The Mets were betting that Billy was better equipped than Strawberry to deal with the
pressures, and inevitable frustrations, that went with playing against much older players.
Roger Jongewaard, the Mets’ head scout, fully expected Billy to rocket through the minors
and into the big leagues well ahead of Strawberry. The Mets scouting department had
badly misjudged Billy’s nature. They had set him up to fail. If there was one thing Billy
was not equipped for, it was failure. He didn’t even begin to know what to make of a stat
sheet at the end of his first short season in high-level rookie ball that showed him
hitting .210. He didn’t know how to think of himself if he couldn’t think of himself as a
success. When the season ended he returned home, enrolled in classes at the University of
California at San Diego, and forgot that he played baseball for a living. He didn’t so much
as pick up a bat or a glove until spring training the following March. That in itself should
have been an ominous sign, but no one was looking for ominous signs.

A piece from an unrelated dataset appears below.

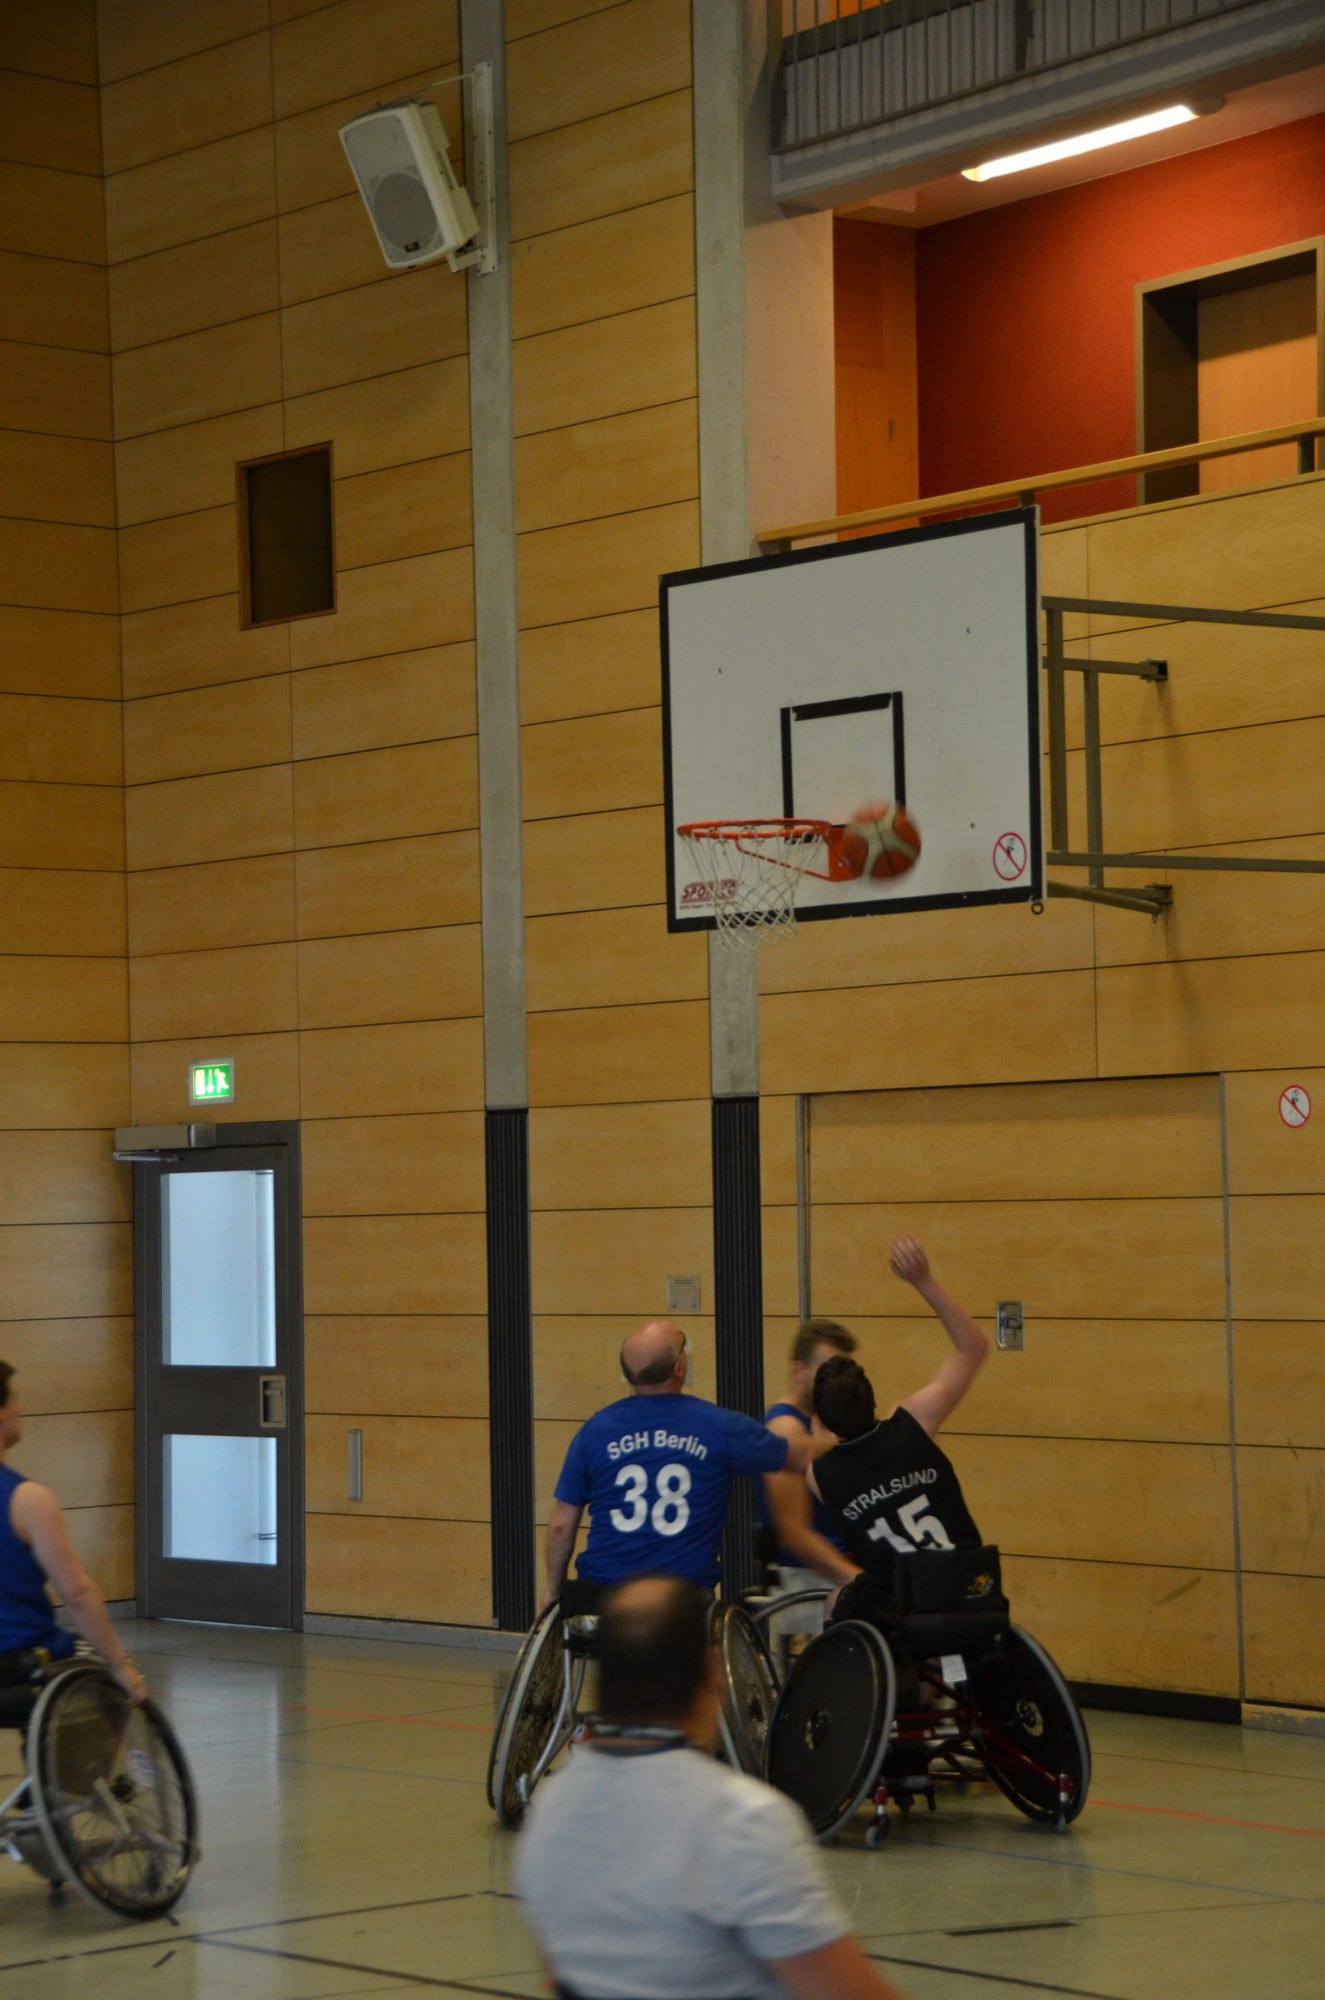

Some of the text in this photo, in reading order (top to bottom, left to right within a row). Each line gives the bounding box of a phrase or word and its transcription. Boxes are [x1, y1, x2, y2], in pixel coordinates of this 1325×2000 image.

[607, 1429, 708, 1460] SGH Berlin
[609, 1463, 692, 1536] 38
[842, 1468, 937, 1520] STRALSUND
[866, 1493, 956, 1553] 15

The next year went well enough for him—he was, after all, Billy Beane—and by the
summer of 1982 he had been promoted to the Mets’ Double-A team in Jackson, Mississippi.
He played left, Strawberry played right, and the whole team played the field. For a lot of
the players it was their first exposure to the Southern female—the most flagrant cheater in
the mutual disarmament pact known as feminism. Lipstick! Hairdos! Submissiveness!
Baseball was a game but chasing women was a business, in which Billy Beane was
designed to succeed without even trying. Billy had the rap. Billy, said his old teammate J.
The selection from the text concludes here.